Again, there is this guy that I was dating before I got married. Everybody around had assumed he would be my husband. But I disappointed him by getting married to my present husband and now we have met again. We met when I travelled home. He is still single. Agatha is it right for us to be together again?  

Worried Woman.


Dear Worried Woman, 

Sincerely, I appreciate your dilemma and the longing inside you. What you feel is normal given the fact that you have been used to intimacy with your husband. 

To have that suddenly taken away from you must have taken a lot from you especially as you see him but can’t have him touch you as he used to. It can be a very trying period for any woman bound by obligations to be faithful and helper to her husband  in his trying moments. 
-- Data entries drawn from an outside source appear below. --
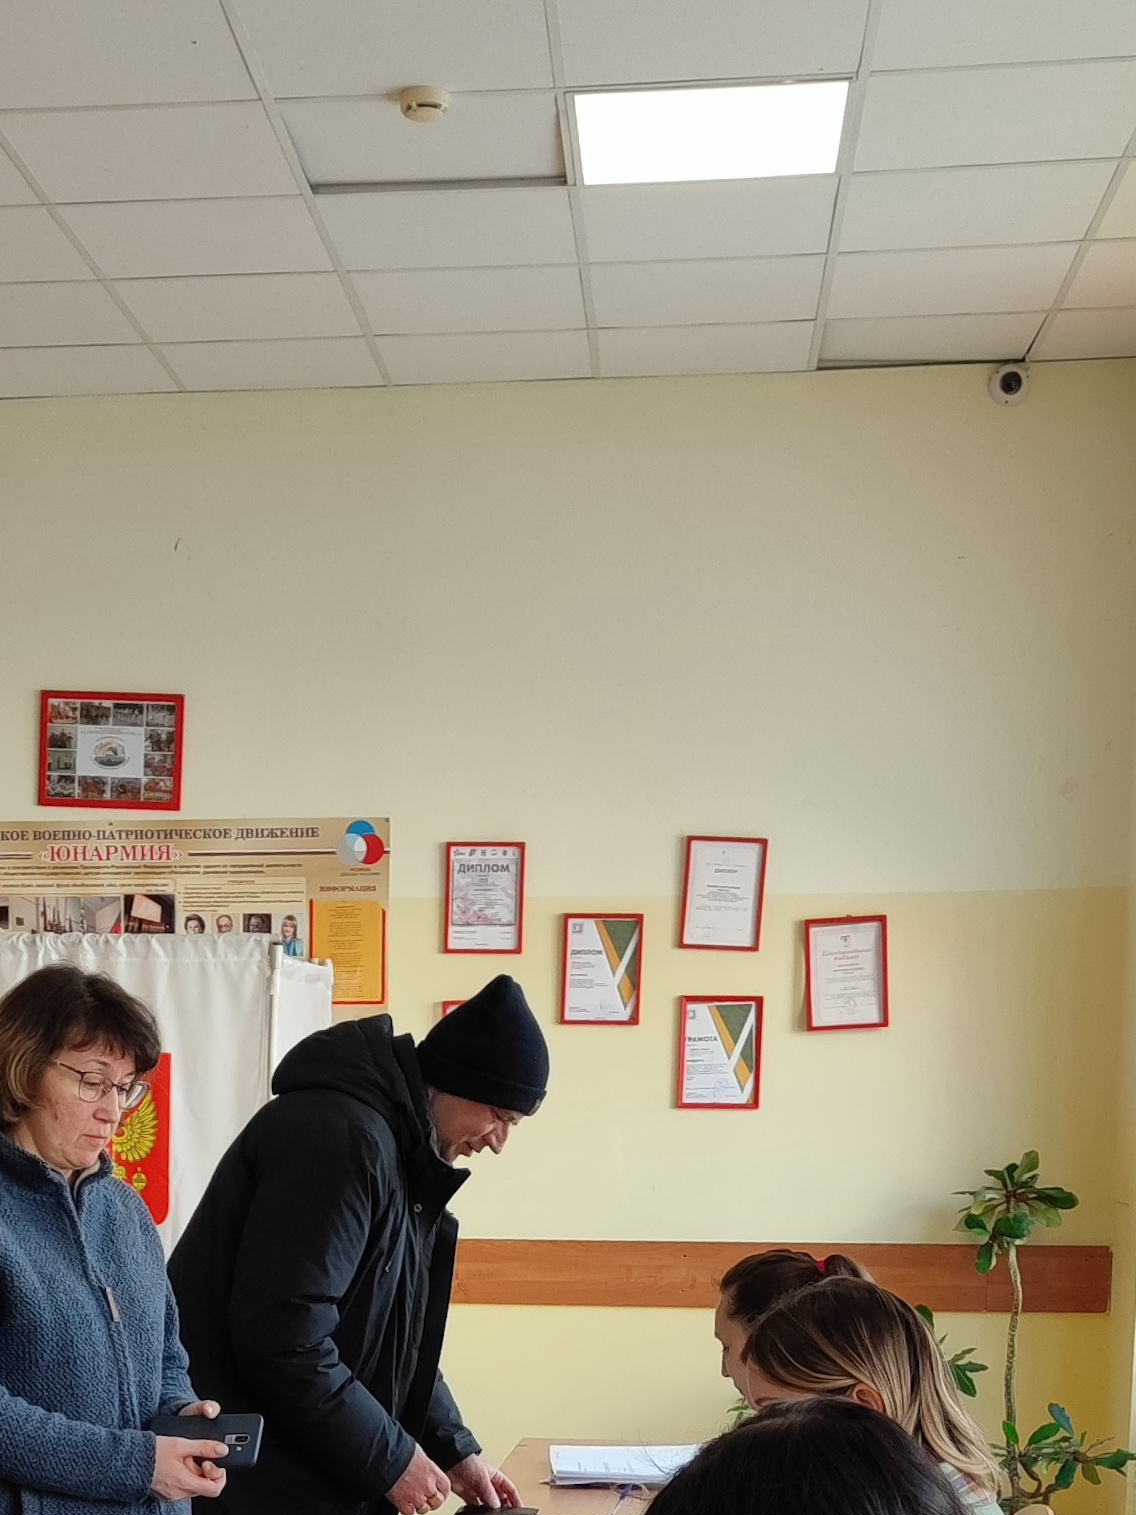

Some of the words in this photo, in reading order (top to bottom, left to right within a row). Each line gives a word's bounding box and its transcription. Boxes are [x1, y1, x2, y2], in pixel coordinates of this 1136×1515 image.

[32, 827, 232, 841] ВОЕННО-ПАТРИОТИЧЕСКОЕ
[235, 826, 320, 841] ДВИЖЕНИЕ
[457, 863, 510, 874] ДИПЛОМ
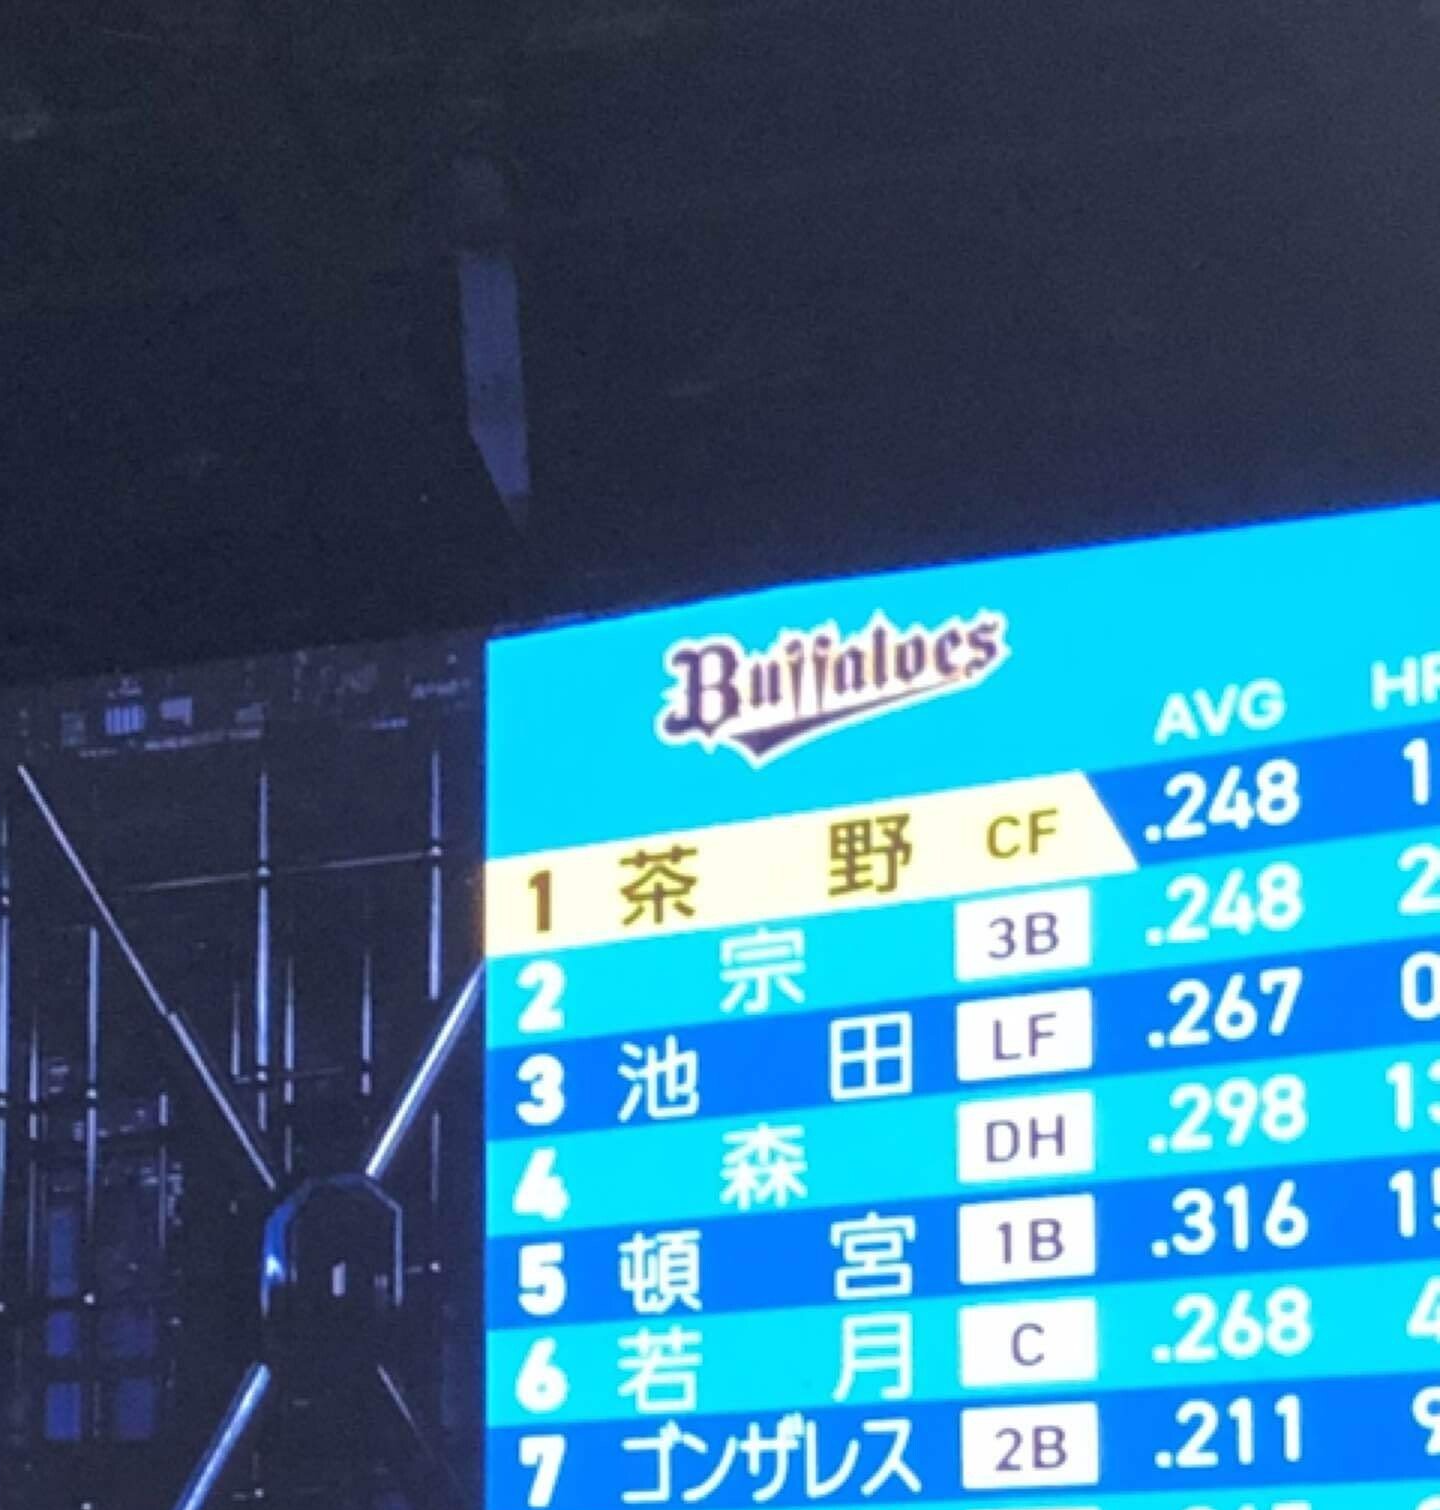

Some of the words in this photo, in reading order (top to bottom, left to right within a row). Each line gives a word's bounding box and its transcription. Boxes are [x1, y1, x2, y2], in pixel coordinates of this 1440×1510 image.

[660, 612, 1008, 765] Buffaloes
[1156, 680, 1284, 742] AVG
[529, 870, 550, 932] 1
[987, 809, 1056, 858] CF
[1146, 760, 1299, 841] .248
[1404, 739, 1428, 804] 1
[519, 961, 564, 1032] 2
[718, 929, 806, 1013] 宗
[988, 911, 1060, 960] 3B
[1147, 864, 1302, 944] .248
[1400, 844, 1440, 913] 2
[518, 1055, 564, 1124] 3
[994, 1014, 1058, 1062] LF
[1149, 967, 1302, 1047] .267
[514, 1149, 568, 1218] 4
[723, 1125, 805, 1209] 森
[986, 1116, 1068, 1166] DH
[1150, 1075, 1306, 1152] .298
[520, 1243, 565, 1314] 5
[999, 1219, 1063, 1263] 1B
[1152, 1181, 1307, 1256] .316
[1390, 1168, 1440, 1236] 1
[517, 1339, 567, 1411] 6
[1012, 1323, 1044, 1366] C
[1154, 1287, 1312, 1361] .268
[520, 1435, 565, 1507] 7
[622, 1413, 923, 1503] ゴンザレス
[996, 1426, 1066, 1471] 2B
[1156, 1396, 1299, 1467] .211
You are only human to want to quit the marriage and look for emotional solace in the arms of another man. Unfortunately, marriage is for better for worse, in sickness and health, in riches and in poverty until death does you both apart. 

Were it possible for many of us to take a peep into the crystal ball before going on with our plans to marry a particular person, many of us would have backed out of our marriage plans. This is because marriage is like a wrapped gift whose contents become only visible after going into it and which also, like a budding flower, opens up its content bit by bit.

Heartless as this may sound, this man has been more than a husband to you for 10 years, so much so you rated him the best of everything a woman would want in a man. He didn’t ask to be sick or desire to be in the condition he currently is now. Nobody wants to be bed-ridden, completely dependent on another person to perform the most basic of nature’s call. 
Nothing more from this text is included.